* Data to use
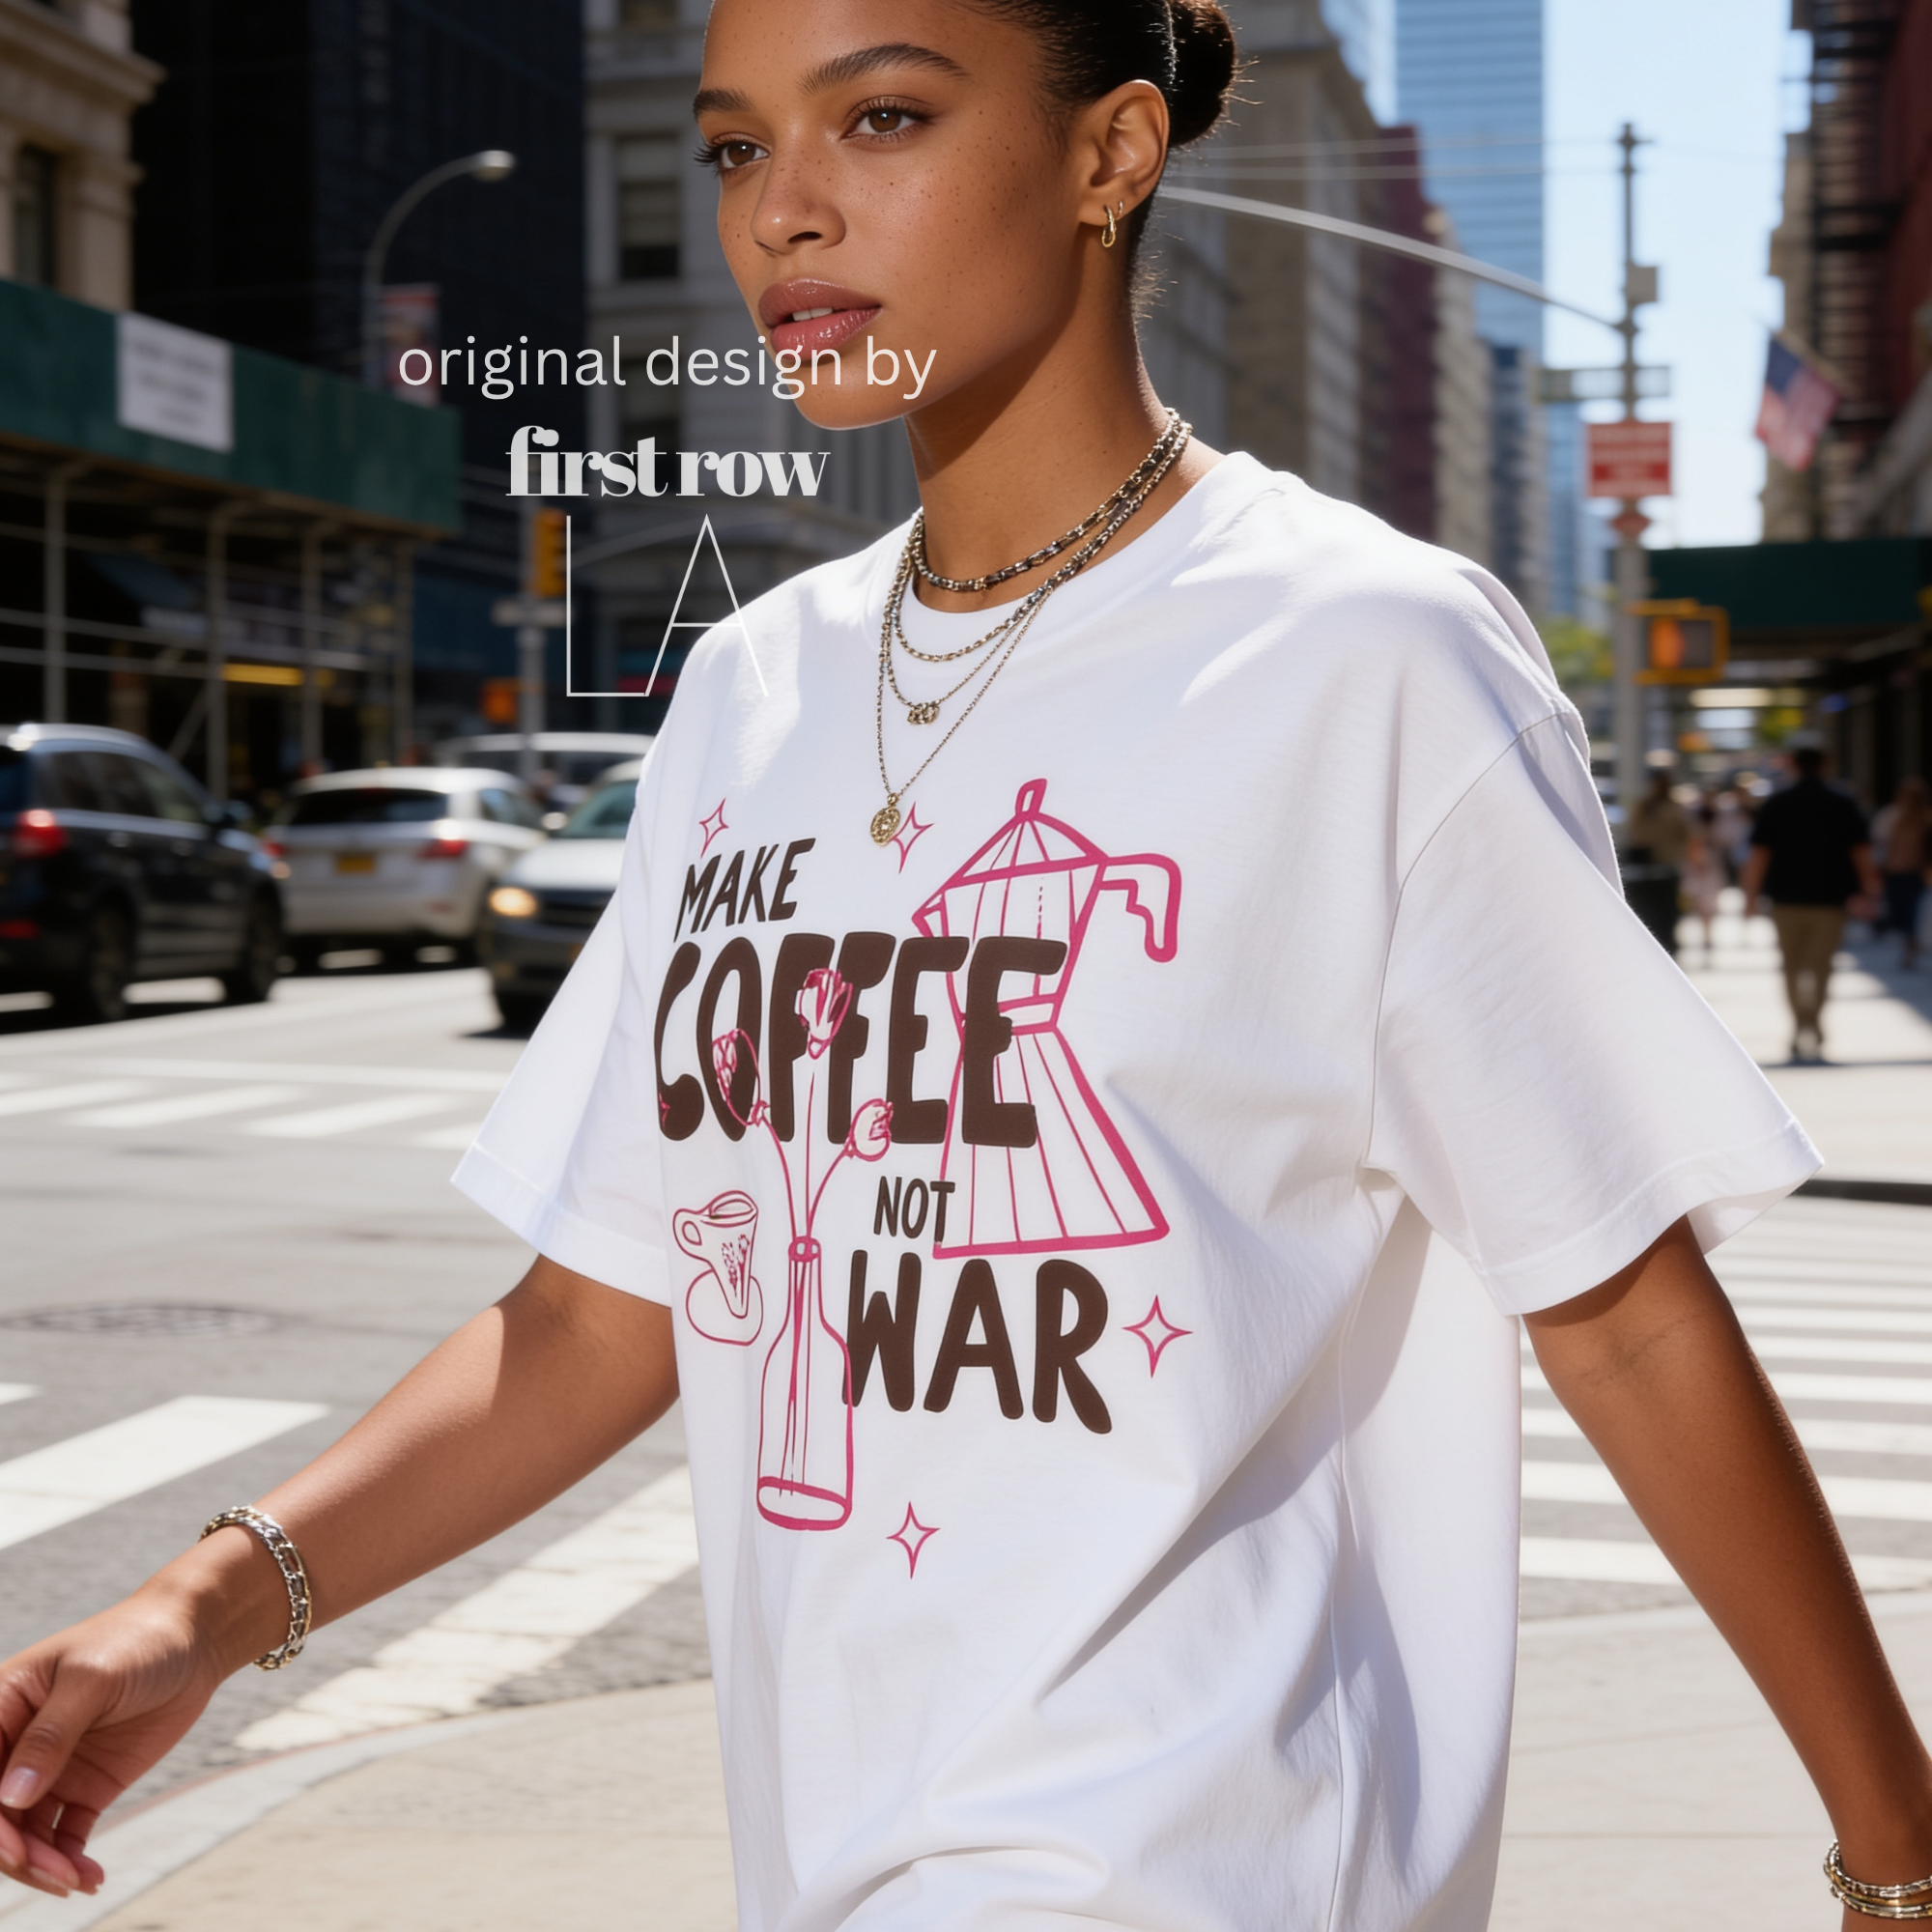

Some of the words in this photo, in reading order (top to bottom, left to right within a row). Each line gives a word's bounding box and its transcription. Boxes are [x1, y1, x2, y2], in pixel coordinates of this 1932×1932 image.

[673, 838, 816, 943] MAKE
[654, 931, 1068, 1149] COFFEE
[873, 1176, 956, 1243] NOT
[841, 1249, 1113, 1435] WAR

* Task brief
Once the pictures are set aside, give the rest of the listing again exactly.

* Solved problem
Some of the words in this photo, in reading order (top to bottom, left to right within a row). Each line gives a word's bounding box and its transcription. Boxes are [x1, y1, x2, y2], in pixel coordinates of this 1932×1932 image.

[673, 838, 816, 943] MAKE
[654, 931, 1068, 1149] COFFEE
[873, 1176, 956, 1243] NOT
[841, 1249, 1113, 1435] WAR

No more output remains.